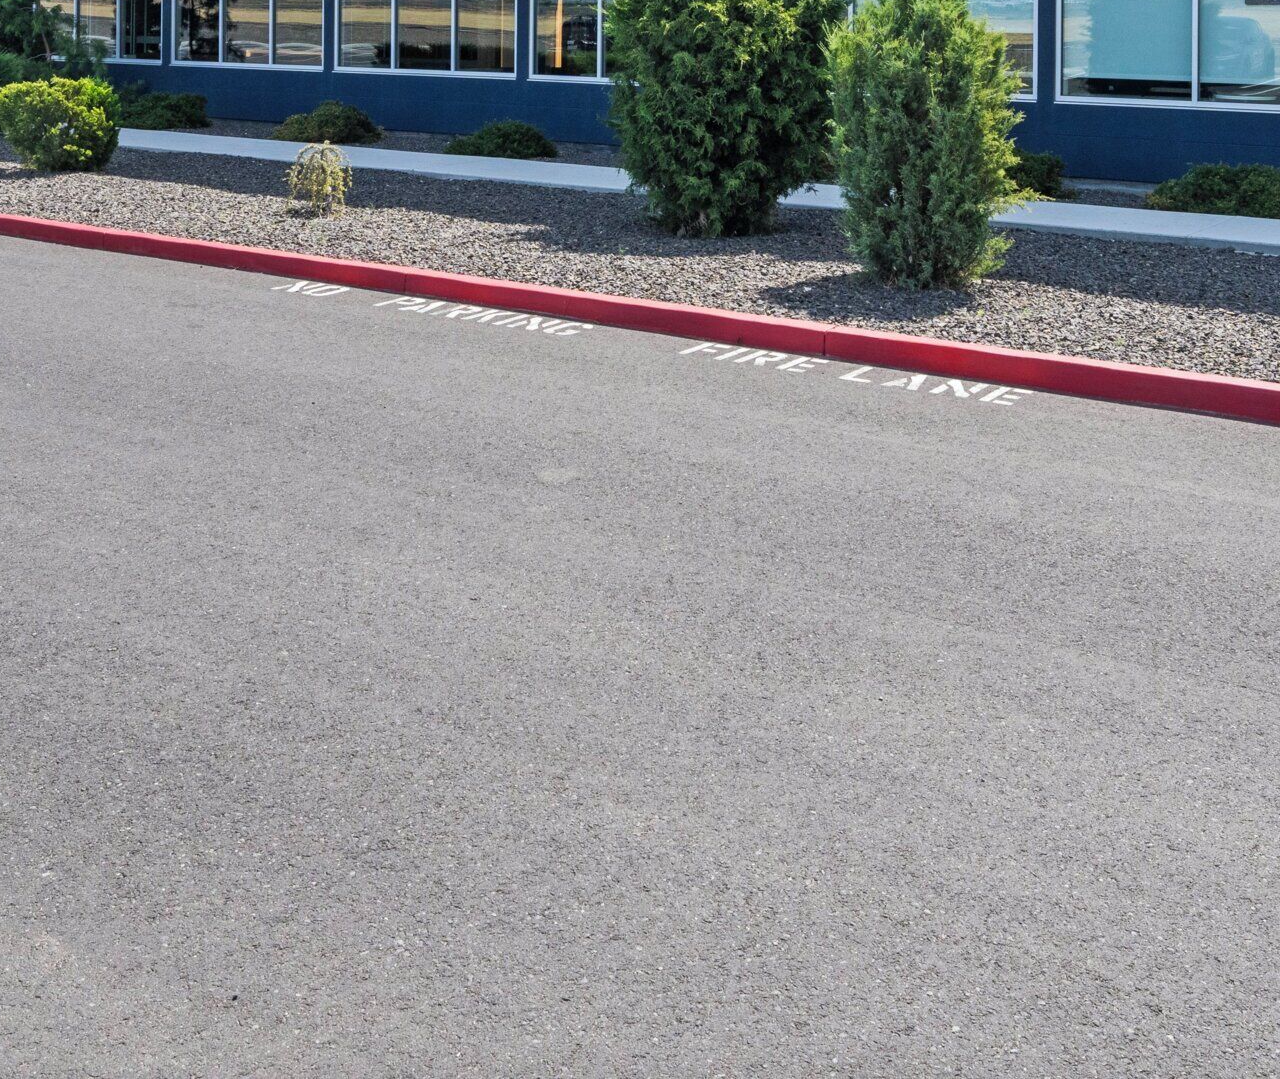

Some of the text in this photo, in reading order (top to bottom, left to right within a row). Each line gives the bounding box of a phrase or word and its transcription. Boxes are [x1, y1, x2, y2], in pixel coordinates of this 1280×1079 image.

[270, 281, 594, 336] NO PARKING
[678, 341, 1037, 406] FIRE LANE
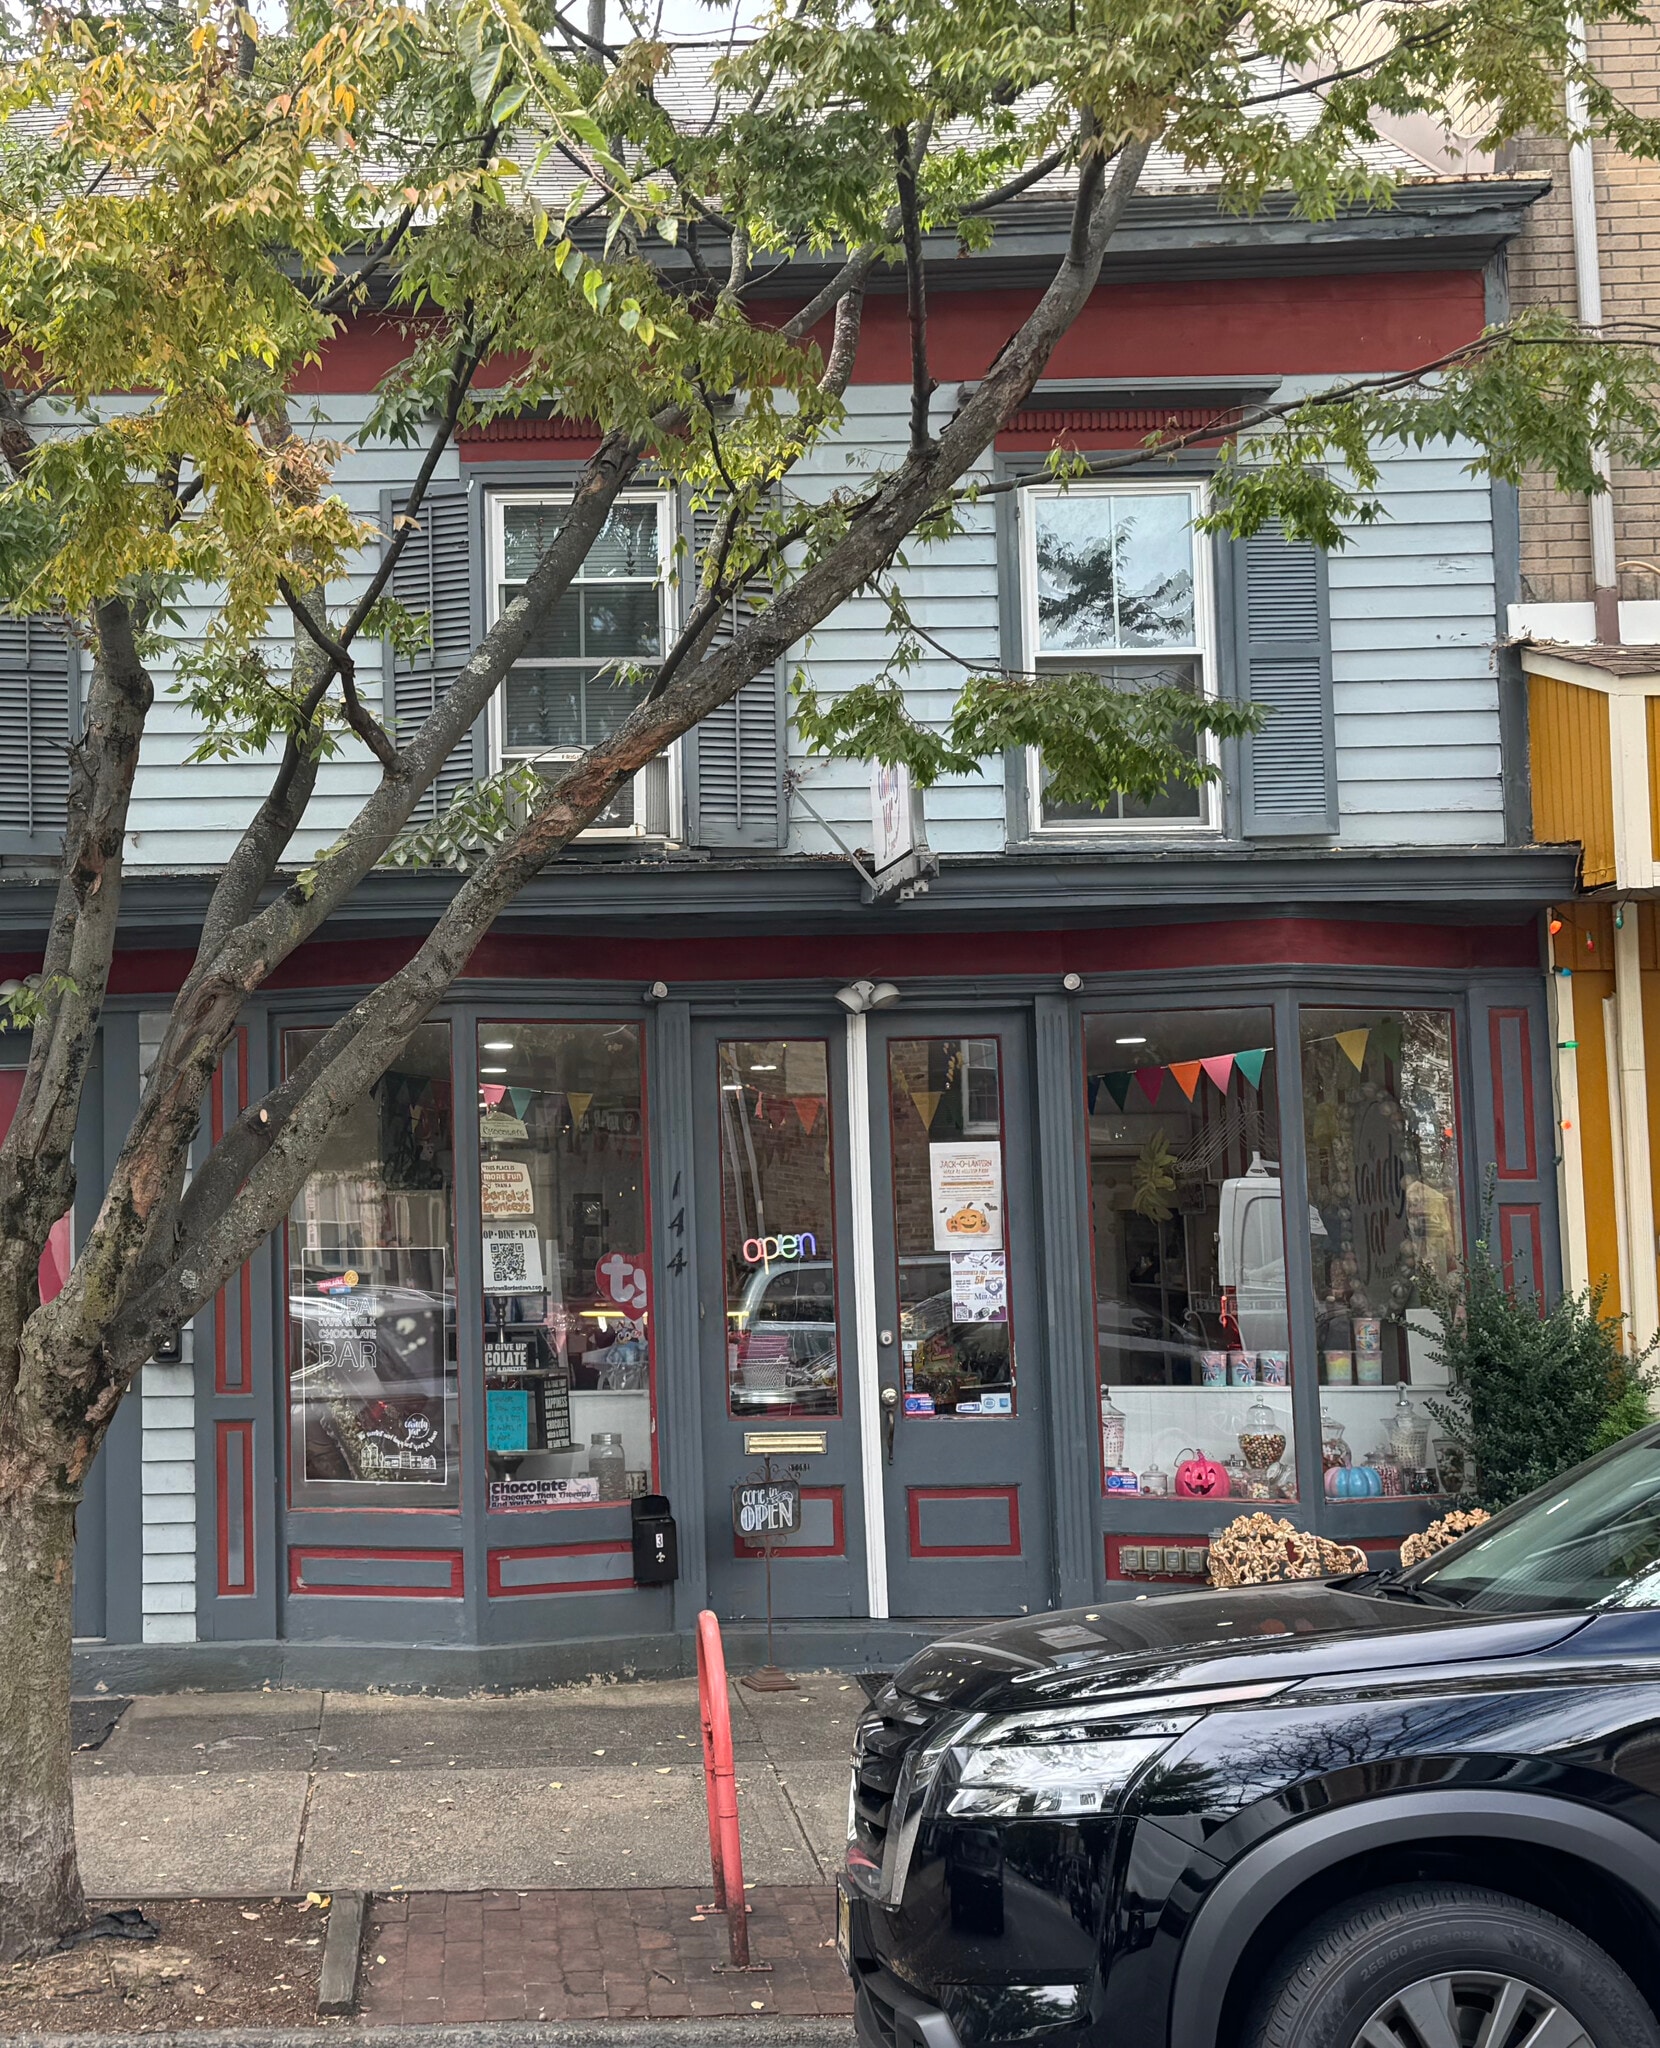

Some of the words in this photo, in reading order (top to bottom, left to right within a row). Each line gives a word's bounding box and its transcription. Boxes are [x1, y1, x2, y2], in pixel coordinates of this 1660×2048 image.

[482, 1187, 516, 1202] Barrel
[498, 1230, 515, 1239] DINE
[519, 1229, 537, 1239] PLAY
[743, 1232, 816, 1275] open
[600, 1254, 647, 1309] ty
[319, 1297, 377, 1316] DUBAI
[318, 1329, 377, 1340] CHOCOLATE
[318, 1340, 377, 1368] BAR
[495, 1343, 515, 1351] GIVE
[515, 1343, 527, 1351] UP
[484, 1351, 528, 1367] COLATE
[491, 1480, 568, 1495] Chocolate
[500, 1493, 535, 1502] Cheaper
[536, 1492, 557, 1500] Than
[741, 1489, 766, 1506] come
[740, 1498, 793, 1532] OPEN
[1360, 1944, 1409, 1982] 255/60
[1411, 1933, 1441, 1951] R18
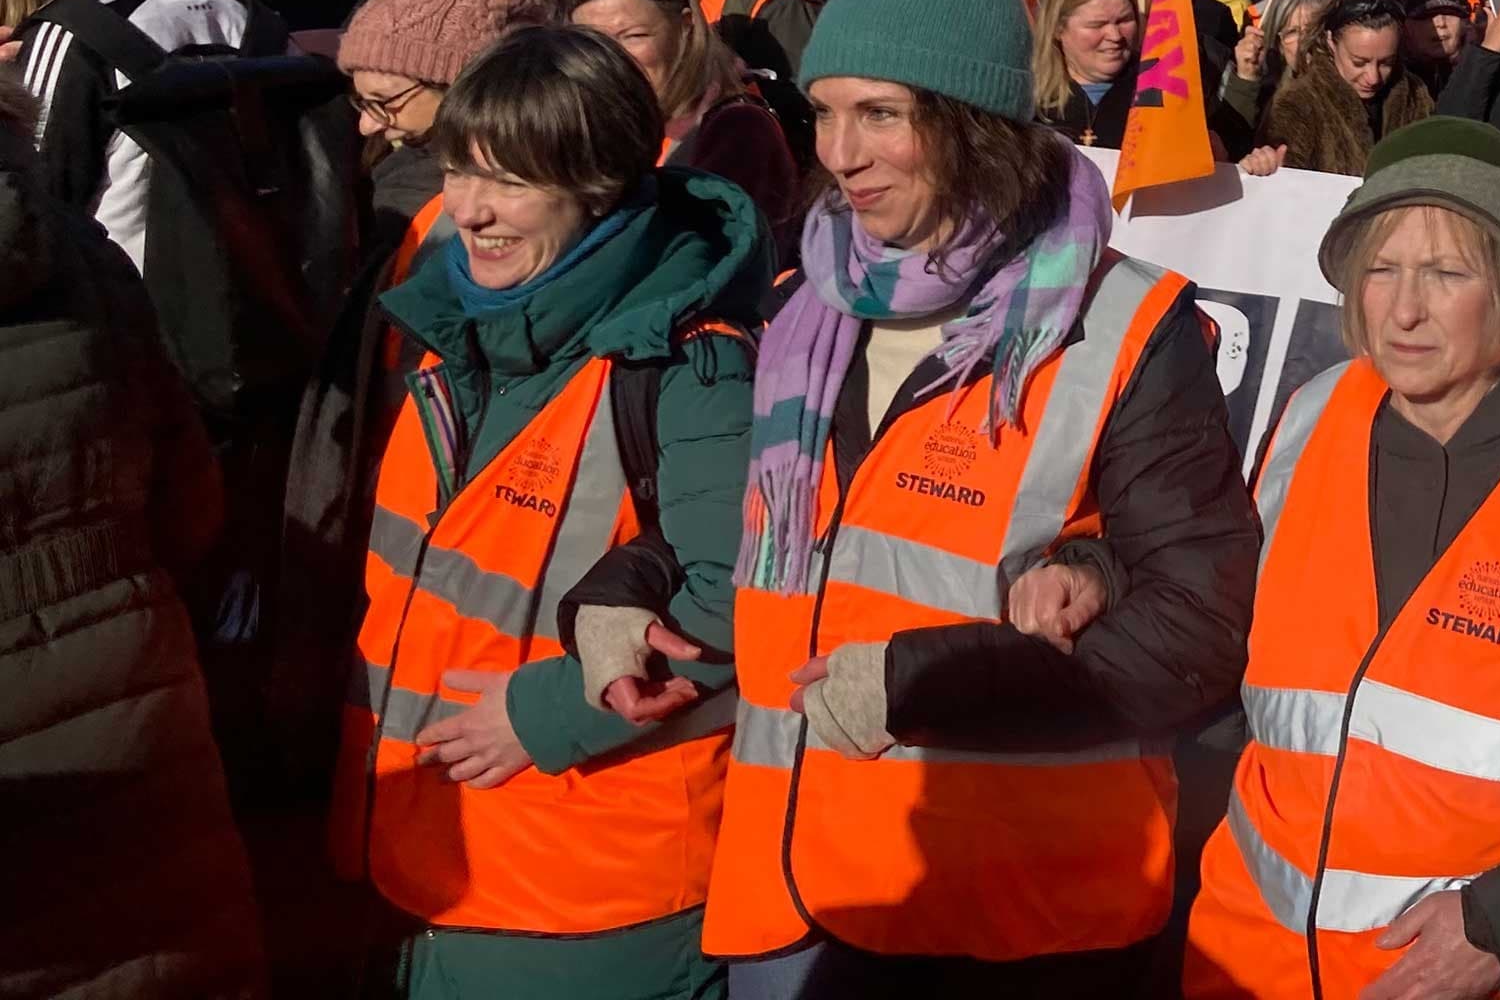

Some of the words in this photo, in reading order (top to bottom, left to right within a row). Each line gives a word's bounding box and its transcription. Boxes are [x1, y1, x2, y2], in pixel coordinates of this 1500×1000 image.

********

Exclude images. Return the data above verbatim.

→ **YOUR RESPONSE**
Some of the text in this photo, in reading order (top to bottom, left to right within a row). Each line gives the bounding box of a phrase or word and its transcription. Boxes are [x1, y1, x2, y2], in pixel coordinates of this 1280×1079 image.

[270, 281, 594, 336] NO PARKING
[678, 341, 1037, 406] FIRE LANE

Some of the words in this photo, in reading order (top to bottom, left to right within a row). Each line gives a word's bounding box and its transcription. Boxes are [x1, y1, x2, y2], in pixel coordinates of this 1660×2048 image.

[482, 1187, 516, 1202] Barrel
[498, 1230, 515, 1239] DINE
[519, 1229, 537, 1239] PLAY
[743, 1232, 816, 1275] open
[600, 1254, 647, 1309] ty
[319, 1297, 377, 1316] DUBAI
[318, 1329, 377, 1340] CHOCOLATE
[318, 1340, 377, 1368] BAR
[495, 1343, 515, 1351] GIVE
[515, 1343, 527, 1351] UP
[484, 1351, 528, 1367] COLATE
[491, 1480, 568, 1495] Chocolate
[500, 1493, 535, 1502] Cheaper
[536, 1492, 557, 1500] Than
[741, 1489, 766, 1506] come
[740, 1498, 793, 1532] OPEN
[1360, 1944, 1409, 1982] 255/60
[1411, 1933, 1441, 1951] R18

Some of the words in this photo, in reading order (top to bottom, left to right within a row). Each line gives a word's bounding box and its transcription. Boxes are [x1, y1, x2, y2], in pixel coordinates of this 1500×1000 image.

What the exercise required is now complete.